By pushing the development of MIMO technologies and focusing on other wireless technologies such as beam-forming, telcos can concentrate on delivering even more video-based services into the home – confident that their subscribers have a reliable means of distributing the content to all of their connected devices throughout the home. As well as eliminating the problem of the home networking bottleneck (after all, who wants to run wires throughout the house? It’s bad enough having to hide the surround-sound rear speaker cables under the carpet…), it also reduces the need for telcos to offer maintenance and support services.

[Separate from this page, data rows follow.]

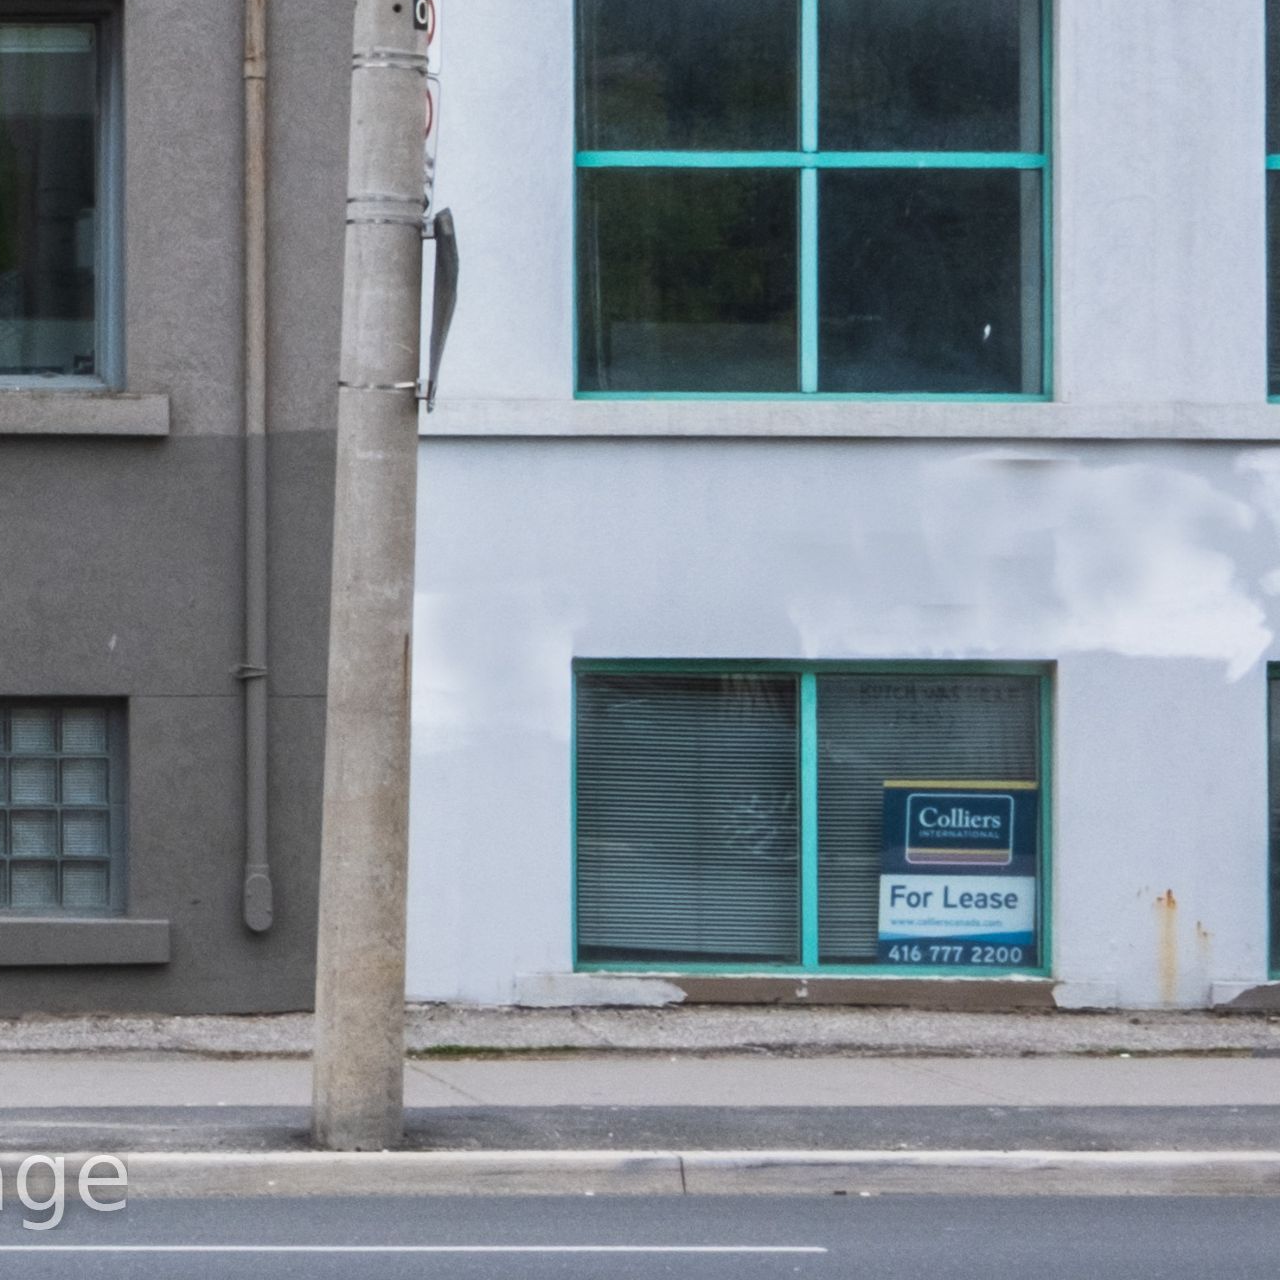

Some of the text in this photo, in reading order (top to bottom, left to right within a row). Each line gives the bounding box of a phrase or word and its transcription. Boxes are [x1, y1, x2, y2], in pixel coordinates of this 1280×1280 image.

[919, 807, 1002, 828] Colliers
[919, 830, 1000, 839] INTERNATIONAL
[890, 885, 1019, 909] For Lease
[889, 945, 1023, 963] 416 777 2200
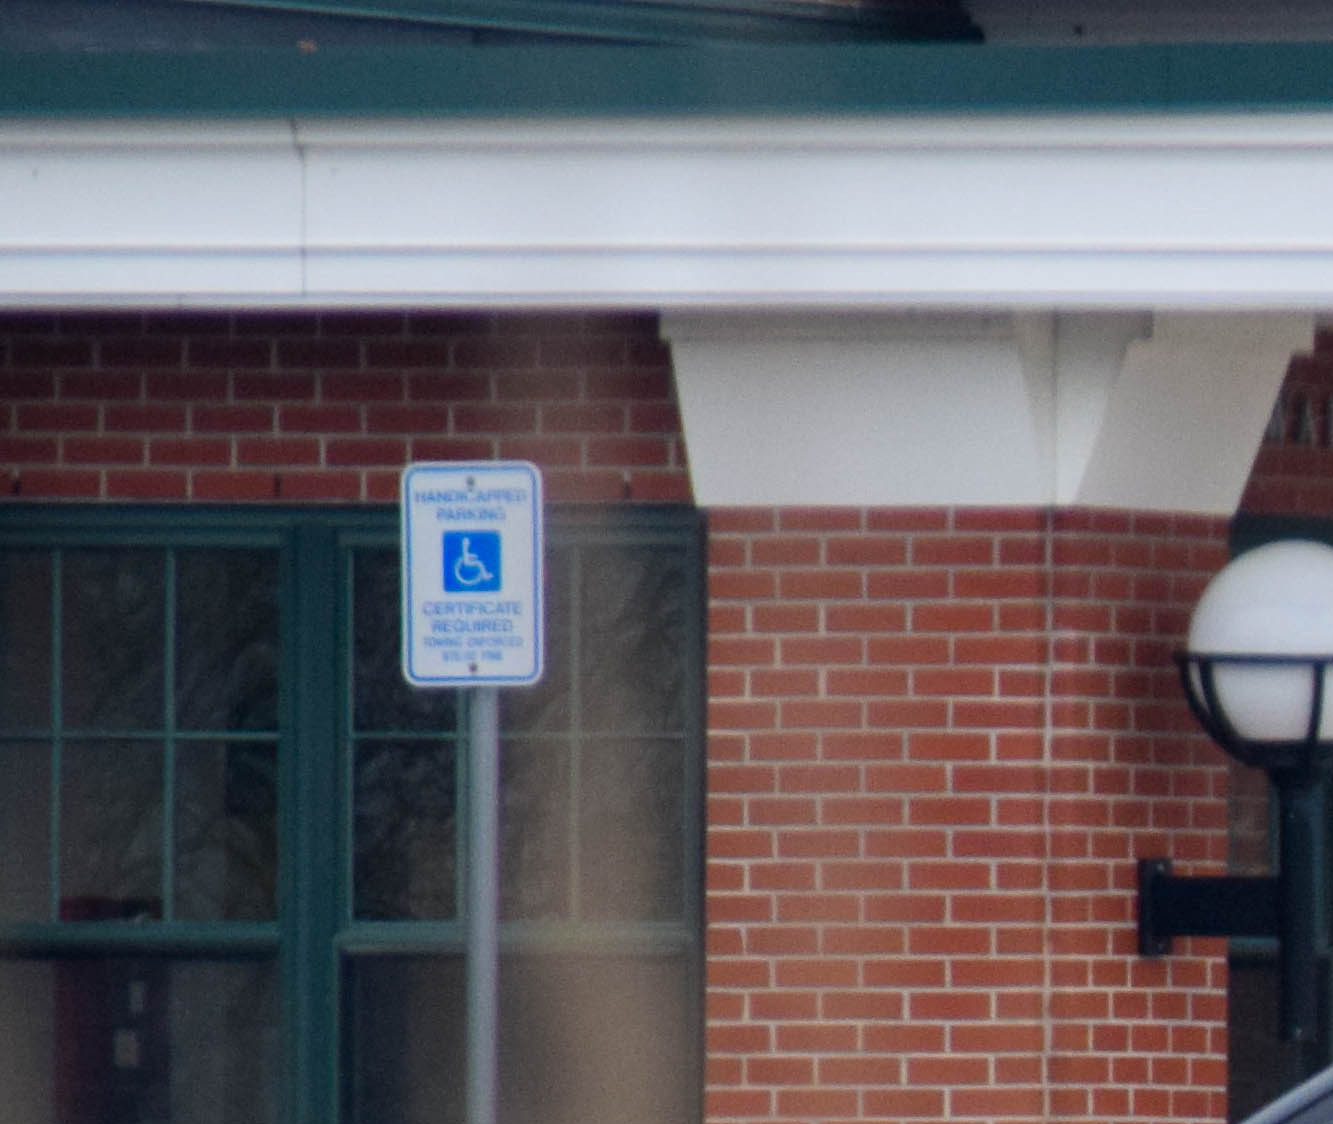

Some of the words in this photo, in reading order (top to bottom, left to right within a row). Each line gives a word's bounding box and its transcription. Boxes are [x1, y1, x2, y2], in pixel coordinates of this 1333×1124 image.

[436, 506, 506, 521] PARKING
[422, 601, 522, 616] CERTIFICATE
[432, 618, 513, 633] REQUIRED

But it’s not just the telco market that appeals to Quantenna. The company’s CEO, Sam Heidari, says that:
“Our video-over-Wi-Fi chipsets are on their way to penetrating new markets this year beyond the service provider segment. The round also enables us to expand our presence in Russia with the addition of a team of highly qualified specialists.”

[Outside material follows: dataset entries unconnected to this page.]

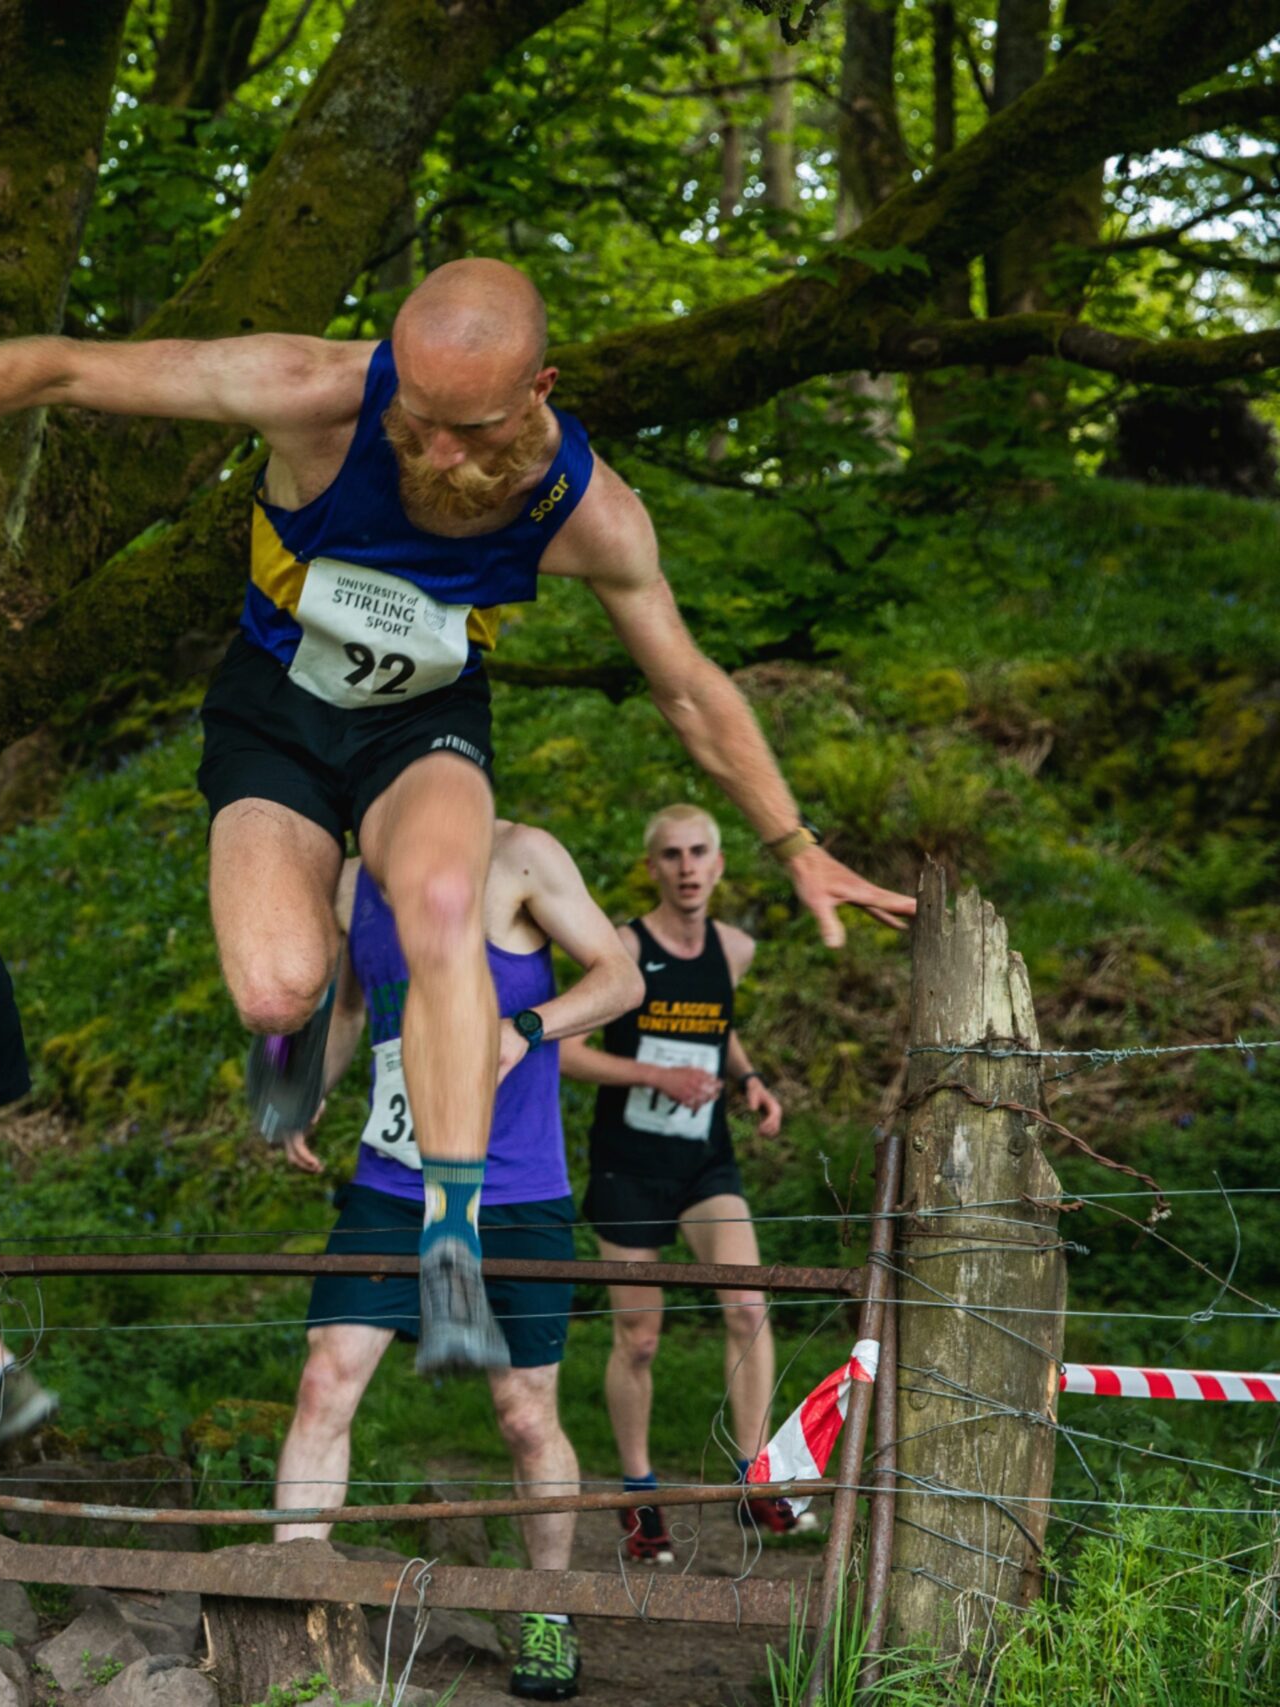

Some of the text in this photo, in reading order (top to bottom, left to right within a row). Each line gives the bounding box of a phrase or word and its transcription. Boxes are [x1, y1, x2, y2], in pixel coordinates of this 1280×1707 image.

[529, 473, 570, 522] soar
[332, 588, 417, 623] STIRLING
[336, 576, 420, 607] UNIVERSITY of
[365, 615, 412, 637] SPORT
[342, 642, 416, 695] 92
[381, 1093, 416, 1143] 3

According to market research firm Gartner, Wi-Fi-enabled device shipments will grow from less than 1 billion units in 2010 to more than 3 billion in 2015, making Wi-Fi one of the most influential wireless technologies in the years to come. According to Cisco’s 2011 Visual Networking Index Forecast, video alone is expected to reach about 90% of global traffic. Video services have become a primary revenue source for carriers worldwide, and demand continues to grow at an unprecedented pace for video content delivery from emerging over-the-top (OTT) service providers. Quantenna’s 4x4 MIMO chipsets represent the only commercially available solution for ultra-high reliability, carrier-grade video distribution in both managed and OTT architectures.
Quantenna needs the extra cash to keep it competitive against the likes of Qualcomm and Broadcom who you can bet are not going to cede this market segment to a young start-up. Especially when Cisco keeps rolling out the stats about 90 per cent of global data traffic being video-based in the near future and Gartner adds that there will be 3 billion wi-fi enabled devices by 2015.
Most home wi-fi routers are incapable of supporting a single HD video stream, yet Quantenna says its 4x4 MIMO solution can carry four simultaneous HD streams, at four times the distance of basic wi-fi. The company’s literature suggests it can reach transmission rates of 180Mbit/s. In addition, it believes that its forthcoming 802.11ac products can push the rate to 360Mbit/s.